Uno
scrittore critico prende la parola
Il Salone di Torino contestato
di
Valerio Evangelisti
Questo
intervento coinvolge solo chi lo firma. Altri redattori di Carmilla,
con cui non è stato discusso, hanno forse punti di vista e
opinioni divergenti.
Il
10 maggio ci sarà, a Torino, una manifestazione nazionale
contro il Salone del Libro di Torino. Credo che sia la prima volta
che viene indetto un corteo contro una fiera letteraria. Eppure,
prima di chiedersi se ciò abbia un senso, ci si dovrebbe
domandare quanto di effettivamente letterario ci sia nel Salone del
Libro, e quanto invece vi sia di politico.
La scelta della Salone
del Libro di Torino di celebrare la nascita dello Stato di Israele,
alla base della protesta, ha origini sospette e contenuti ambigui.
Non
è normale che a proporre (imporre?) l'evento alla Fiera del
Libro di Torino e al Salone del Libro di Parigi sia stato lo stesso
governo israeliano. Di solito, eventi del genere sono proposti dal
Ministero della Cultura di un paese, dall'associazione degli editori
o da organi simili. Non è normale che gli autori invitati, per
partecipare al Salone di Parigi, abbiano dovuto sottoscrivere una
dichiarazione con la quale si impegnavano a non criticare il loro
governo (vedi qui).
Non è normale fingere di ignorare che
la data del 1948 celebra sia la nascita di Israele che la cacciata di
centinaia di migliaia di palestinesi, con il terrore, dai luoghi in
cui vivevano da secoli. Ciò è stato ampiamente
documentato, tra gli altri, dallo storico Benny Morris (per inciso,
israeliano e nazionalista) nel suo libro The Birth of the Palestinian
Refugee Problem, Cambridge University Press, 2004, sulla base di una
massa di documenti (si veda anche E.L. Rogan, A. Shlahim ed., The War
for Palestine. Rewriting the History of 1948, Cambridge University
Press, 2001). Celebrare un evento significa celebrare anche l'altro,
concomitante.
Non è normale che la celebrazione della
nascita di uno Stato - cosa abbastanza incongrua in una
manifestazione letteraria - avvenga proprio mentre quello Stato,
reduce dai bombardamenti sul Libano che nessuno ha
dimenticato,
attua su Gaza la più feroce delle sue azioni di
strangolamento, tagliando l´elettricità, i rifornimenti
alimentari, i medicinali e impedendo persino il transito delle
ambulanze (già 130 palestinesi di ogni età, ammalati
gravi, sono morti per questo).
Si dirà che a Gaza predomina
Hamas. E' vero, ma proprio Israele ha incoraggiato la crescita di
Hamas, quando le serviva per logorare le altre forze palestinesi. Si
veda J. Dray, D. Sieffert, La guerre israélienne de
l'information. Désinformation et fausses symétries dans
le conflit israélo-palestinien, La Découverte, Paris,
2002, pp. 53 ss. La stessa azione ha svolto l'assieme dell'Occidente.
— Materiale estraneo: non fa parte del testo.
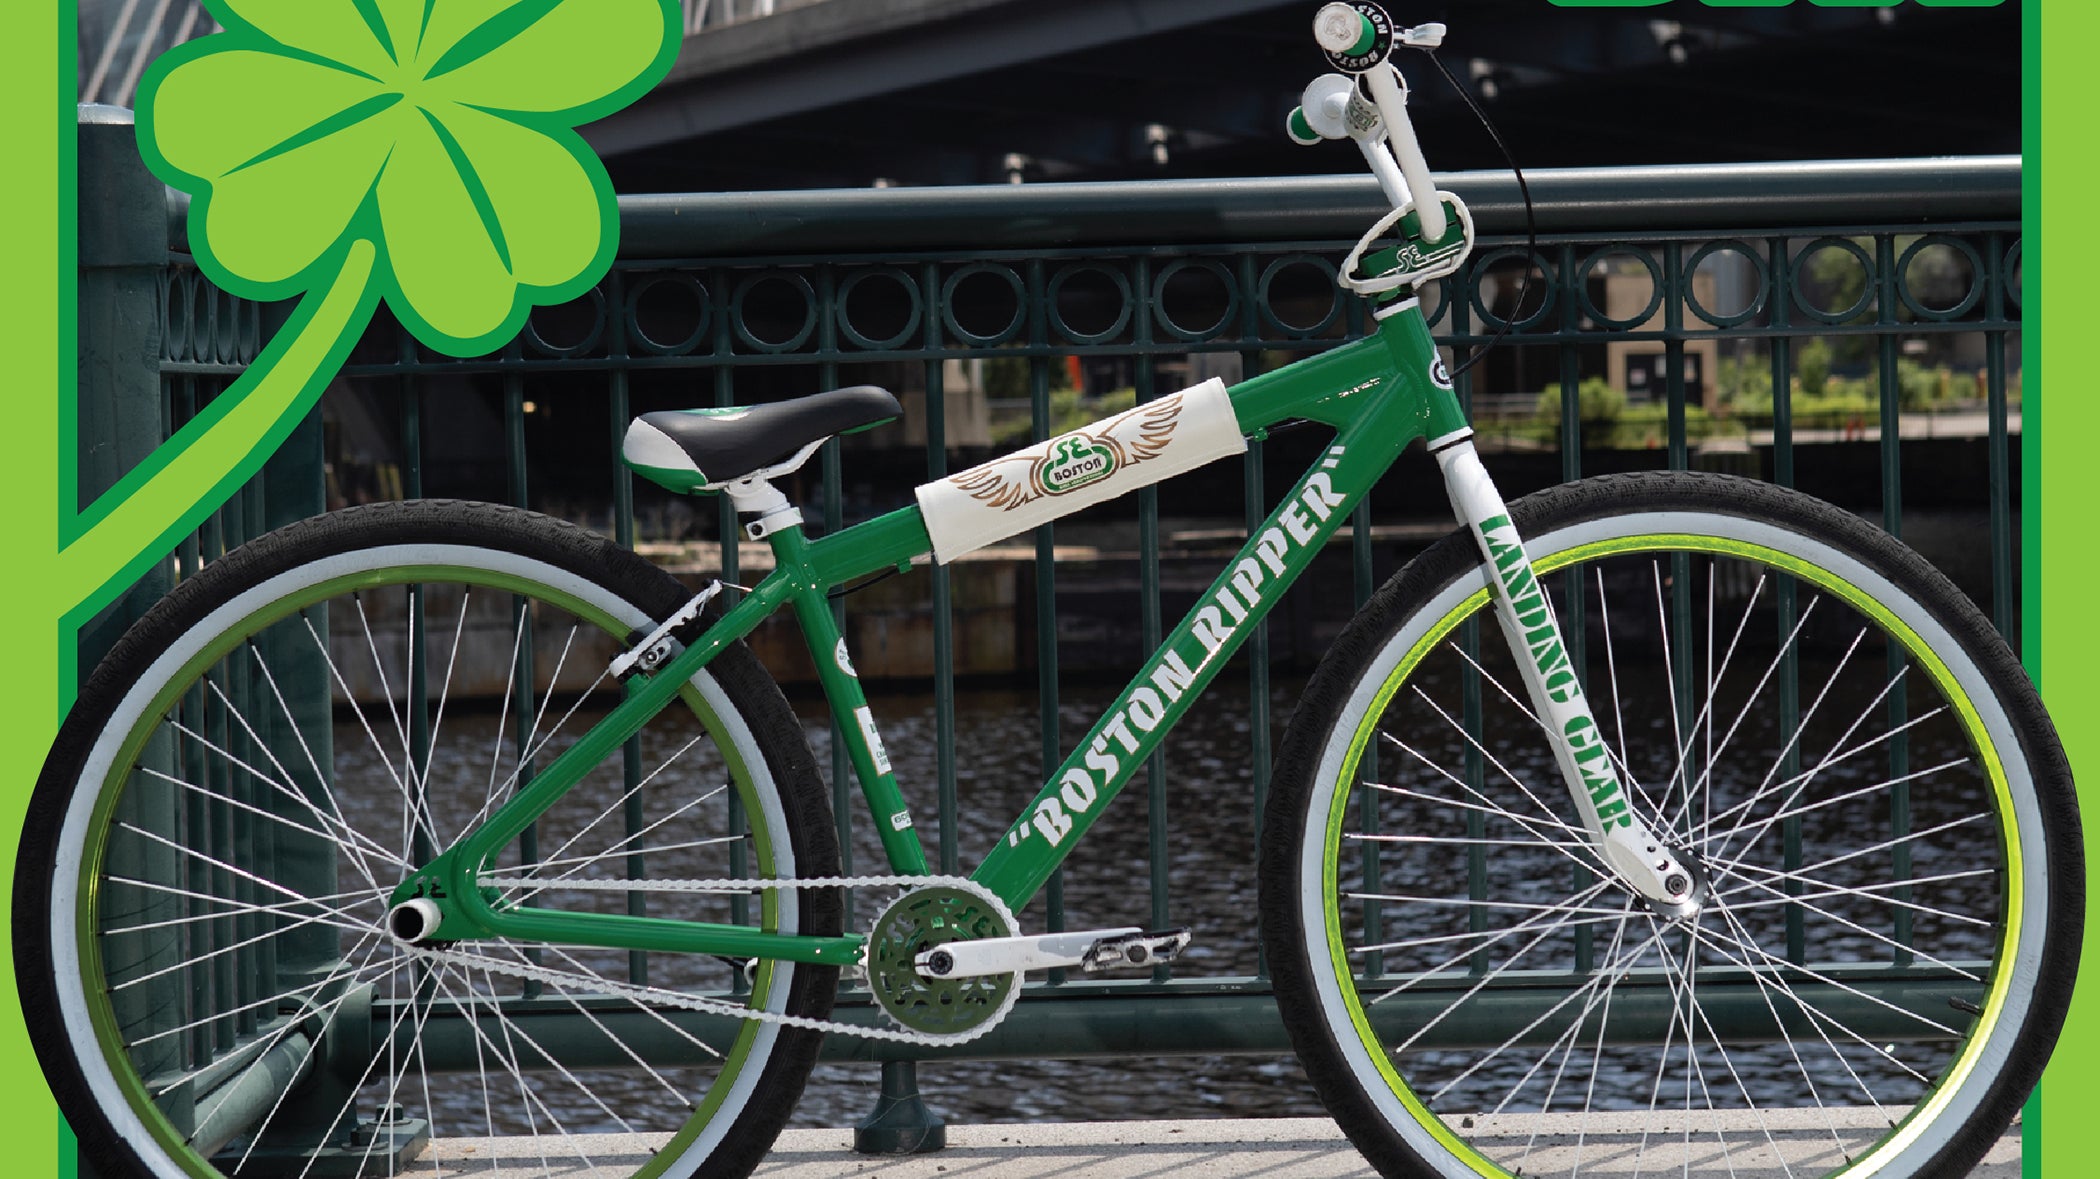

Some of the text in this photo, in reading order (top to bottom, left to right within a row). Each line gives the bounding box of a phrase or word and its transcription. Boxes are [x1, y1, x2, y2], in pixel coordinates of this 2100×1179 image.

[1350, 4, 1389, 35] STON
[1332, 49, 1379, 68] BOSTO
[1056, 437, 1093, 466] SE
[1054, 457, 1102, 481] BOSTON
[1478, 513, 1632, 836] LANDING GEAR
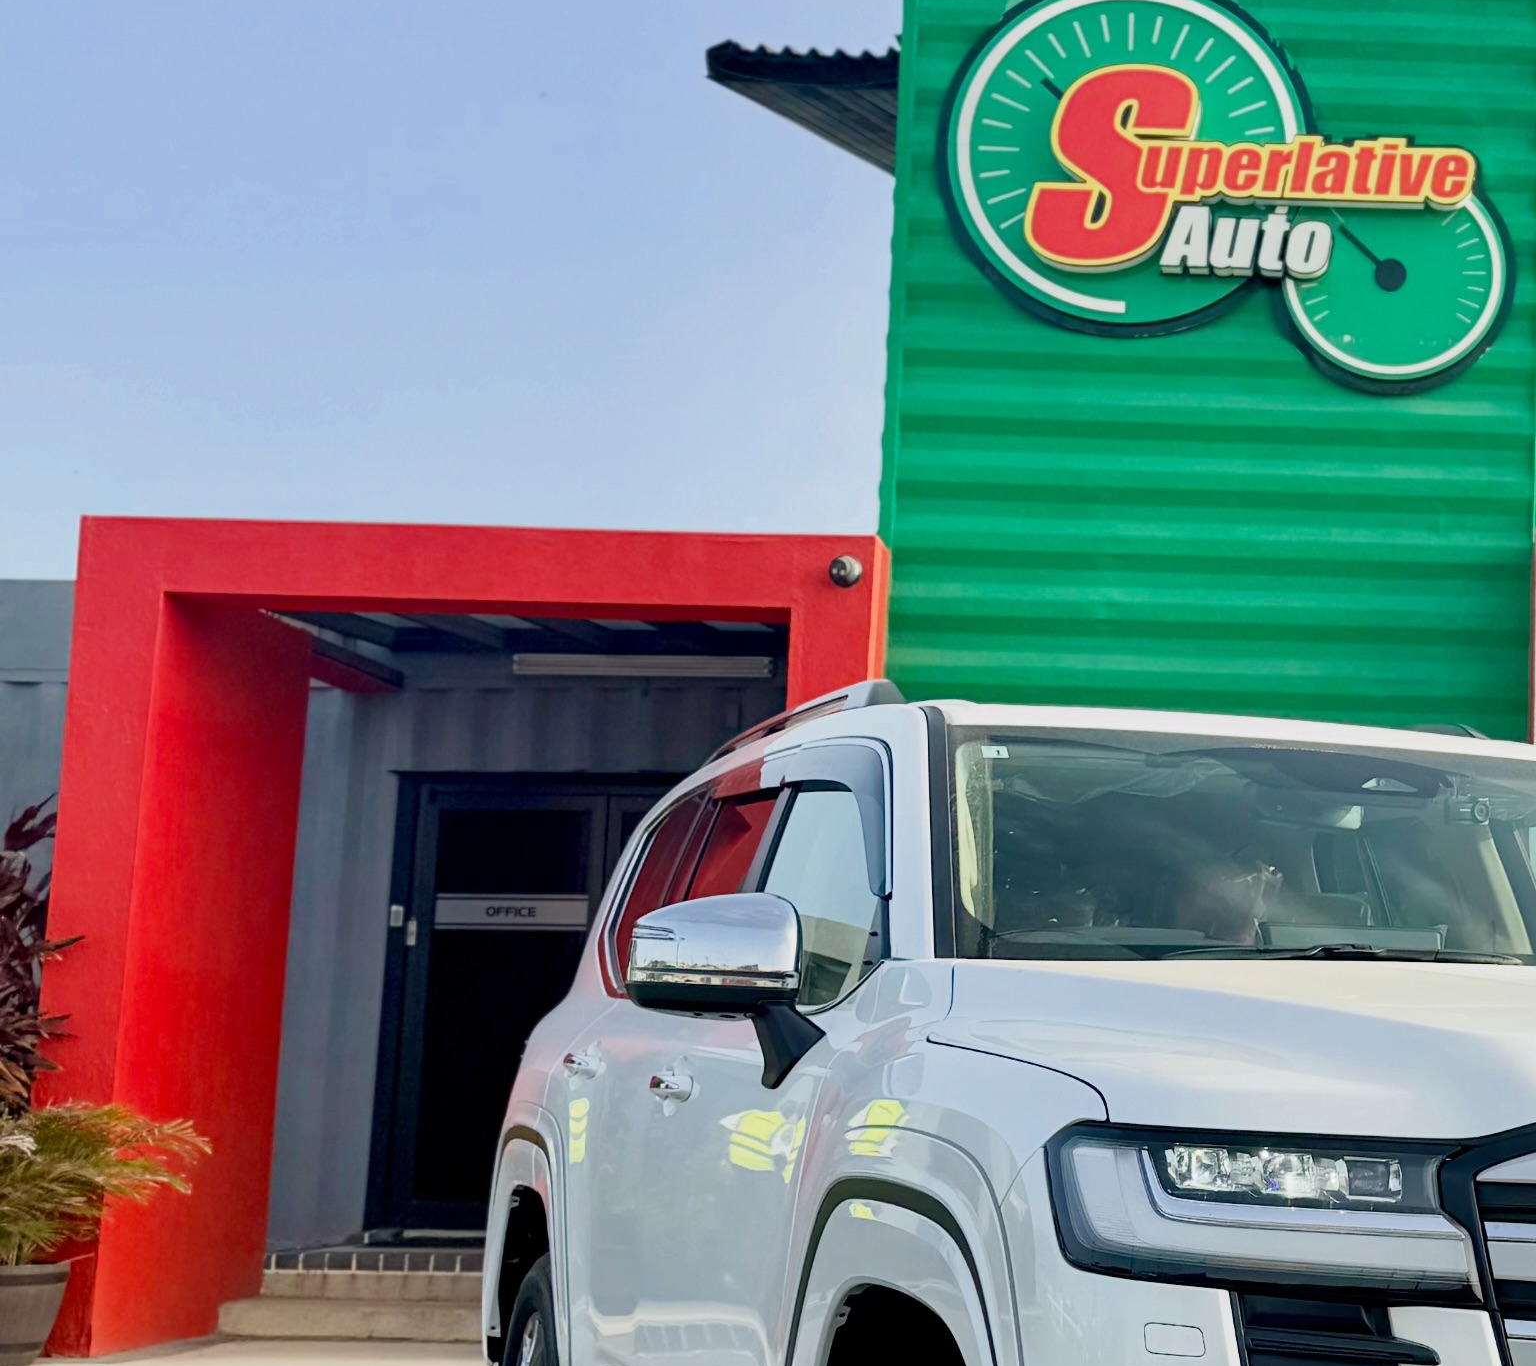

Lo ha documentato, tra molti altri, Alain Gresh, in una serie di
articoli su Le Monde Diplomatique - per esempio questo. Gresh, sia
detto per inciso, è di origine ebraica. Non è normale,
anche se rientra nel novero della mera goffaggine, tirare uno
schiaffo all'Egitto, ritirando all´ultimo momento l´invito
che gli era stato rivolto, sia pure informalmente.